Instructions for the task :: Write out the entries below exactly as they stand. Skip every image.

[Opening Data records section]

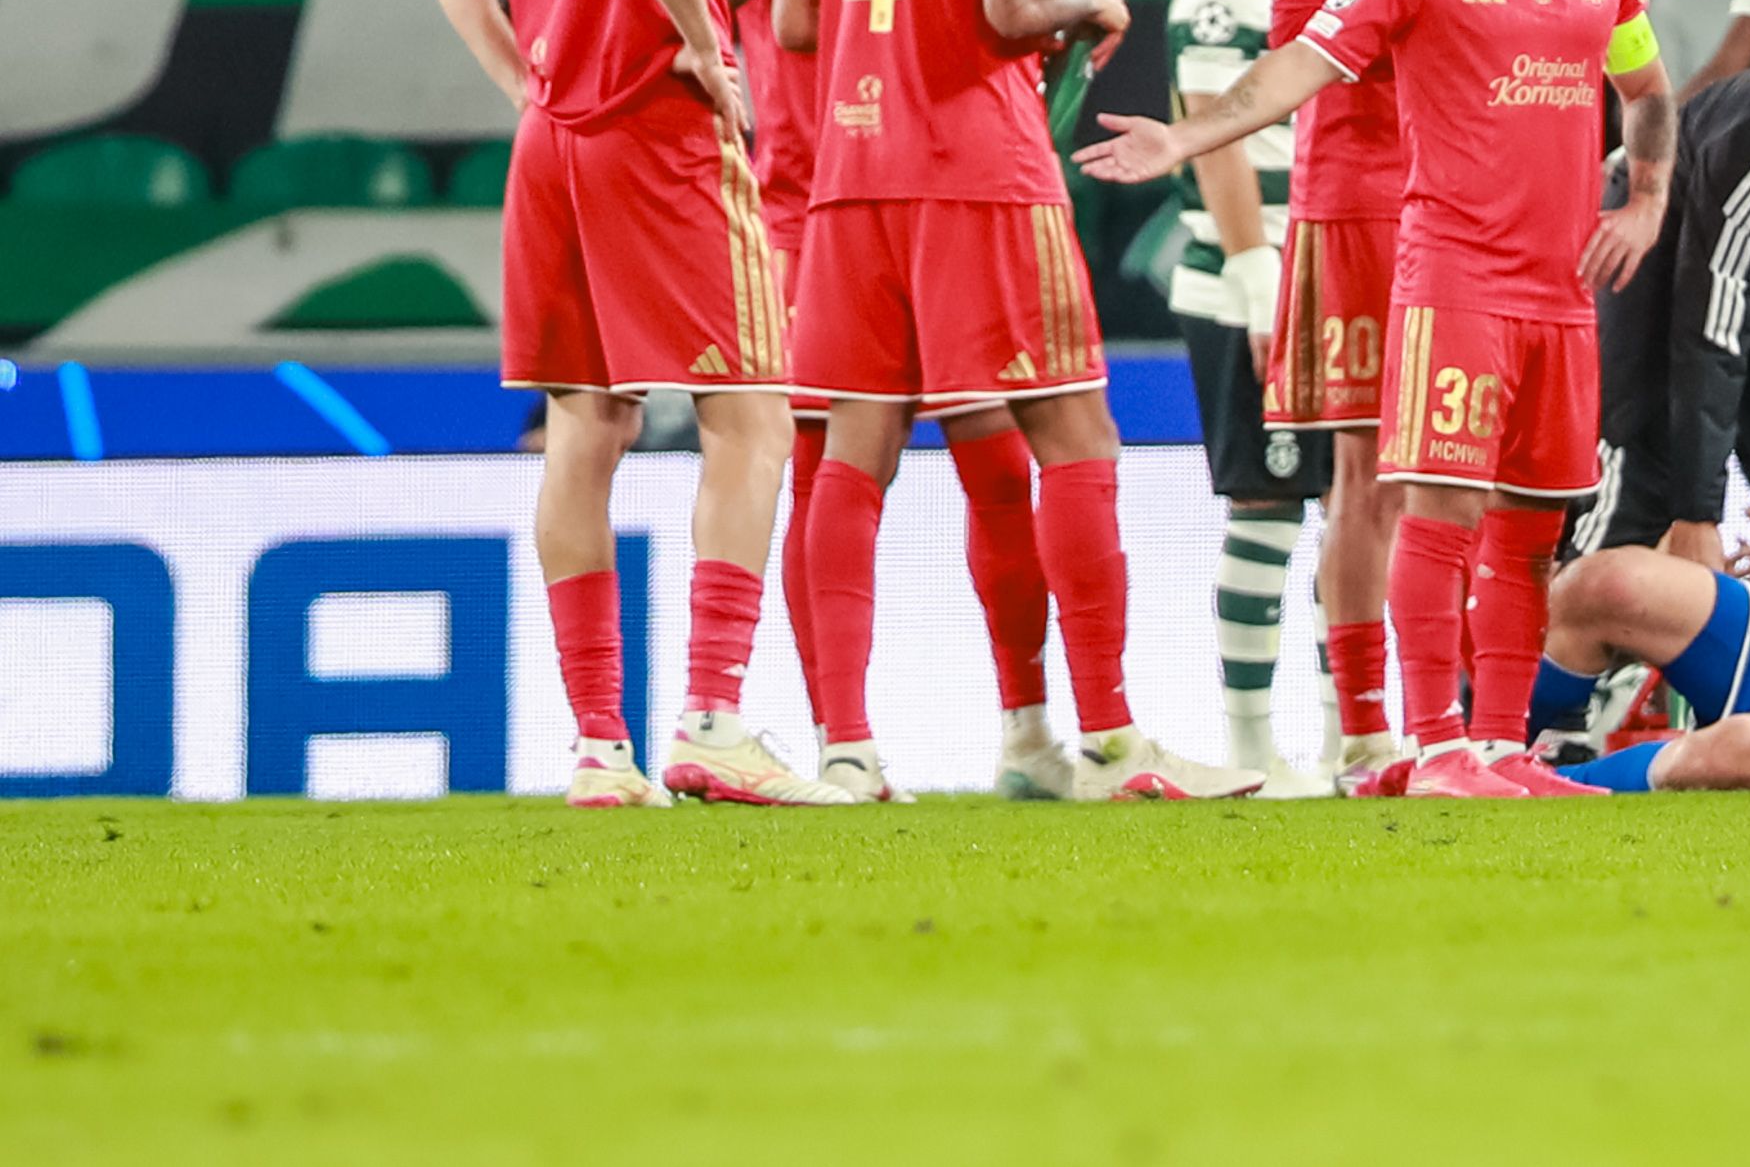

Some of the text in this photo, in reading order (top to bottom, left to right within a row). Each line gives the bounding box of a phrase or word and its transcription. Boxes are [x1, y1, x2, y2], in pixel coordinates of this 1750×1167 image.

[1486, 75, 1597, 111] Kornspitz
[1512, 53, 1589, 84] Original
[1323, 315, 1381, 381] 20
[1431, 366, 1502, 438] 30
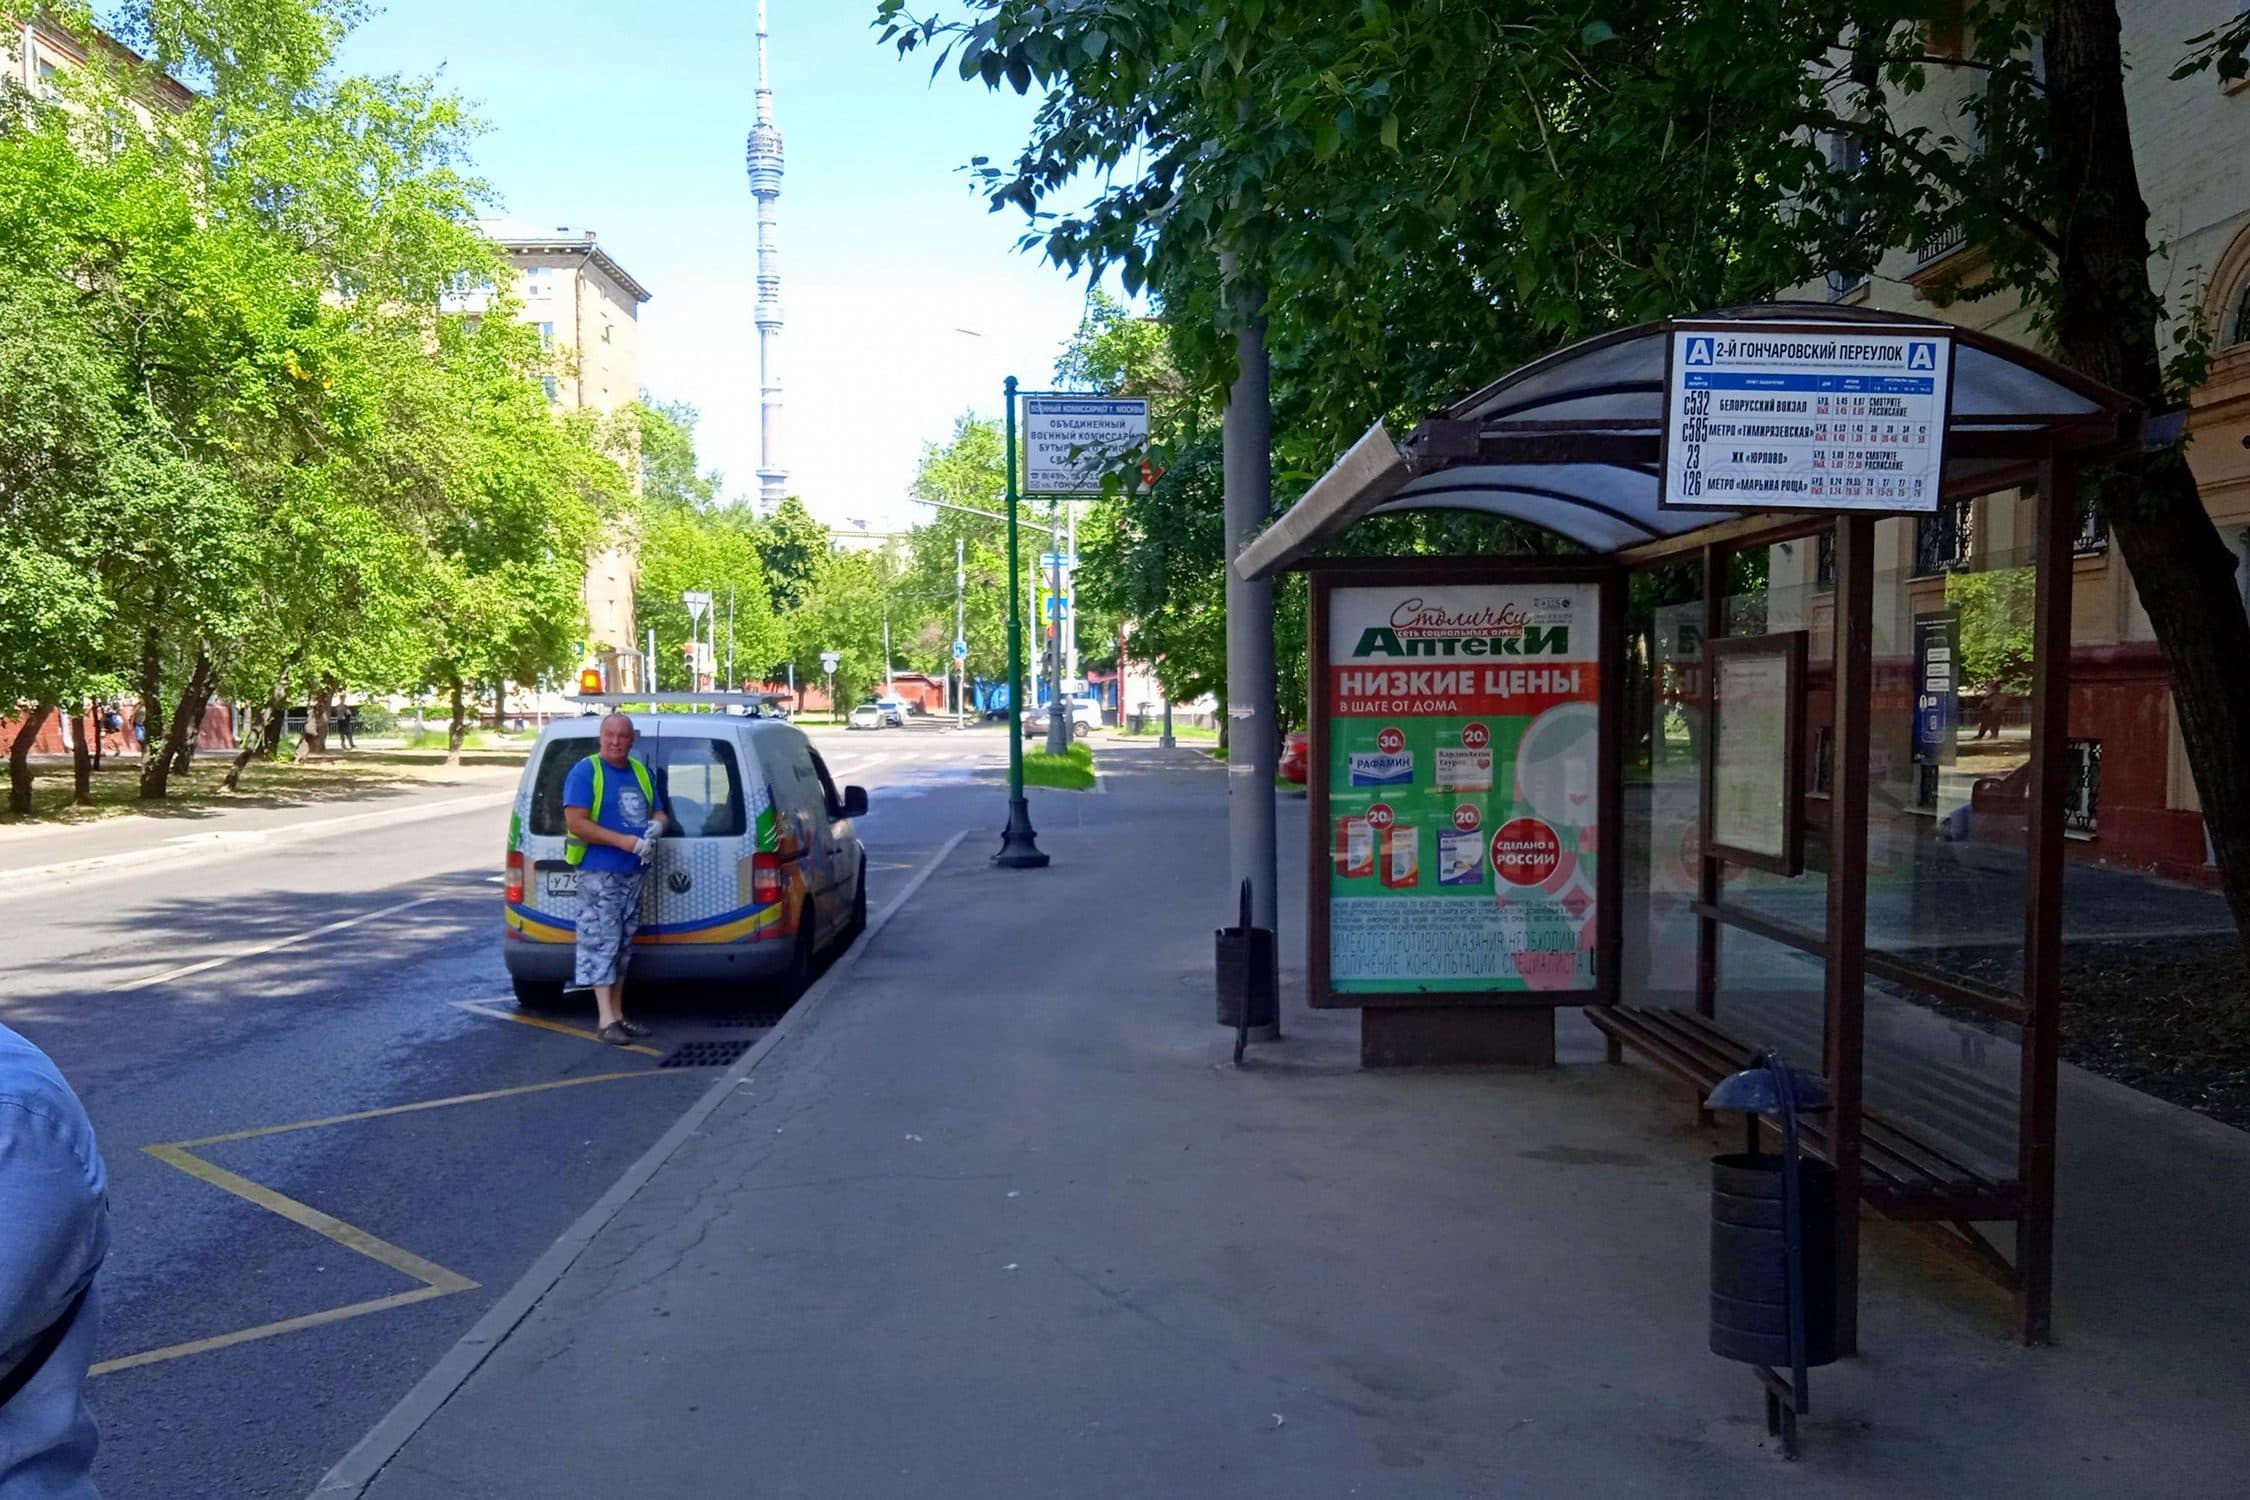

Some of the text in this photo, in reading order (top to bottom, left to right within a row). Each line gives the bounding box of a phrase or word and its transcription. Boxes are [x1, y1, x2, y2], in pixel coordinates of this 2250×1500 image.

[Closing Data records section]

Output of the task ::
Some of the text in this photo, in reading order (top to bottom, left to right within a row). Each line gives the bounding box of a phrase or word and its transcription. Boxes are [x1, y1, x2, y2], in pixel coordinates of this 1750×1167 image.

[1486, 75, 1597, 111] Kornspitz
[1512, 53, 1589, 84] Original
[1323, 315, 1381, 381] 20
[1431, 366, 1502, 438] 30

Some of the text in this photo, in reading order (top to bottom, left to right within a row). Each line gives the bounding box of a phrase or word and its transcription. Boxes are [x1, y1, x2, y2], in pixel coordinates of this 2250×1500 image.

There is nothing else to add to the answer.